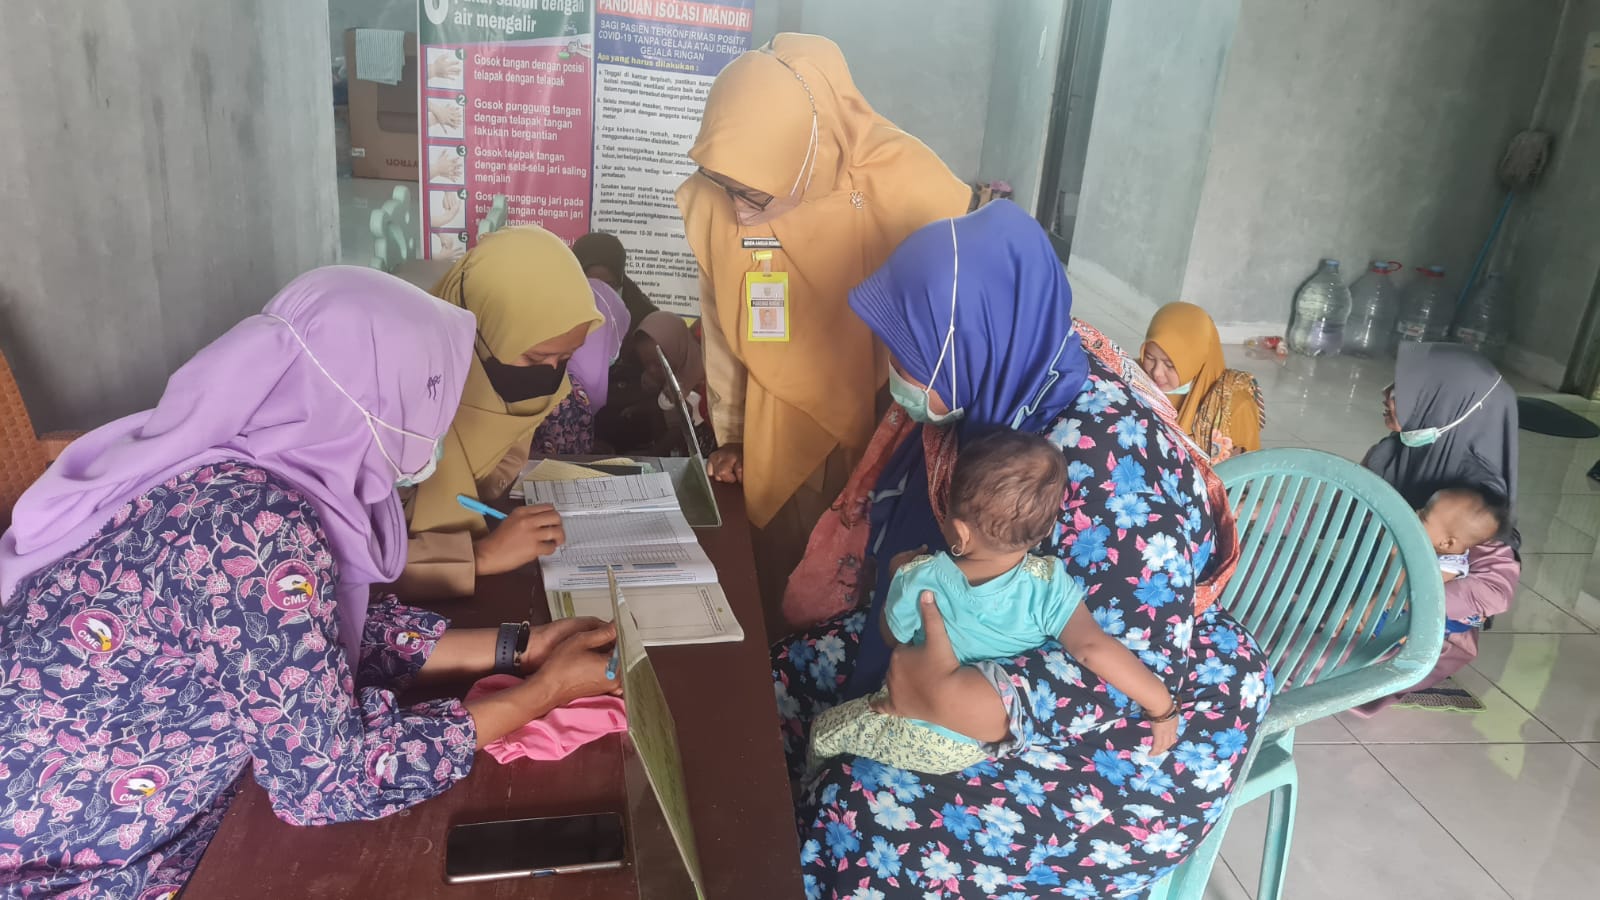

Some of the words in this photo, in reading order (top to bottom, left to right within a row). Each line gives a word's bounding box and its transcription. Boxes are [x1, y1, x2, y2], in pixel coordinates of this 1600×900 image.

[454, 9, 473, 26] air
[476, 13, 536, 34] mengalir
[600, 0, 651, 16] PANDUAN
[655, 1, 699, 22] ISOLASI
[703, 7, 750, 27] MANDIRI
[600, 20, 619, 30] BAGI
[620, 22, 650, 34] PASIEN
[651, 26, 717, 42] TERKONFIRMASI
[718, 34, 746, 45] POSITIF
[598, 31, 632, 42] COVID-19
[633, 34, 660, 47] TANPA
[662, 38, 693, 50] GELAJA
[694, 41, 715, 53] ATAU
[716, 44, 747, 55] DENGAN
[640, 46, 672, 58] GEJALA
[674, 49, 704, 61] RINGAN
[474, 54, 501, 67] Gosok
[503, 56, 529, 71] tangan
[531, 58, 562, 73] dengan
[563, 62, 585, 74] posisi
[610, 55, 630, 65] yang
[631, 57, 653, 67] harus
[655, 59, 695, 71] dilakukan
[474, 70, 503, 83] telapak
[505, 72, 535, 86] dengan
[536, 74, 564, 87] telapak
[458, 95, 465, 105] 2
[474, 98, 503, 110] Gosok
[505, 101, 550, 115] punggung
[552, 103, 582, 117] tangan
[474, 112, 508, 125] dengan
[510, 114, 540, 128] telapak
[544, 116, 573, 130] tangan
[474, 127, 509, 138] lakukan
[511, 128, 558, 141] bergantian
[459, 146, 466, 156] 3
[474, 147, 502, 158] Gosok
[504, 148, 535, 160] telapak
[537, 150, 565, 163] tangan
[475, 160, 506, 174] dengan
[508, 162, 545, 173] sela-sela
[547, 164, 560, 175] jari
[562, 166, 587, 178] saling
[475, 173, 511, 184] menjalin
[459, 189, 467, 199] 4
[475, 191, 494, 201] Gos
[549, 196, 562, 206] jari
[564, 197, 584, 207] pada
[508, 207, 536, 218] tangan
[538, 208, 568, 219] dengan
[570, 210, 583, 220] jari
[461, 232, 469, 242] 5
[283, 594, 307, 606] CME
[78, 630, 100, 649] CME

HOW TO COMPLETE THIS TASK: Output the listing above exactly, pictures omitted.

RESPONSE BELOW:
Some of the words in this photo, in reading order (top to bottom, left to right within a row). Each line gives a word's bounding box and its transcription. Boxes are [x1, y1, x2, y2], in pixel coordinates of this 1600×900 image.

[454, 9, 473, 26] air
[476, 13, 536, 34] mengalir
[600, 0, 651, 16] PANDUAN
[655, 1, 699, 22] ISOLASI
[703, 7, 750, 27] MANDIRI
[600, 20, 619, 30] BAGI
[620, 22, 650, 34] PASIEN
[651, 26, 717, 42] TERKONFIRMASI
[718, 34, 746, 45] POSITIF
[598, 31, 632, 42] COVID-19
[633, 34, 660, 47] TANPA
[662, 38, 693, 50] GELAJA
[694, 41, 715, 53] ATAU
[716, 44, 747, 55] DENGAN
[640, 46, 672, 58] GEJALA
[674, 49, 704, 61] RINGAN
[474, 54, 501, 67] Gosok
[503, 56, 529, 71] tangan
[531, 58, 562, 73] dengan
[563, 62, 585, 74] posisi
[610, 55, 630, 65] yang
[631, 57, 653, 67] harus
[655, 59, 695, 71] dilakukan
[474, 70, 503, 83] telapak
[505, 72, 535, 86] dengan
[536, 74, 564, 87] telapak
[458, 95, 465, 105] 2
[474, 98, 503, 110] Gosok
[505, 101, 550, 115] punggung
[552, 103, 582, 117] tangan
[474, 112, 508, 125] dengan
[510, 114, 540, 128] telapak
[544, 116, 573, 130] tangan
[474, 127, 509, 138] lakukan
[511, 128, 558, 141] bergantian
[459, 146, 466, 156] 3
[474, 147, 502, 158] Gosok
[504, 148, 535, 160] telapak
[537, 150, 565, 163] tangan
[475, 160, 506, 174] dengan
[508, 162, 545, 173] sela-sela
[547, 164, 560, 175] jari
[562, 166, 587, 178] saling
[475, 173, 511, 184] menjalin
[459, 189, 467, 199] 4
[475, 191, 494, 201] Gos
[549, 196, 562, 206] jari
[564, 197, 584, 207] pada
[508, 207, 536, 218] tangan
[538, 208, 568, 219] dengan
[570, 210, 583, 220] jari
[461, 232, 469, 242] 5
[283, 594, 307, 606] CME
[78, 630, 100, 649] CME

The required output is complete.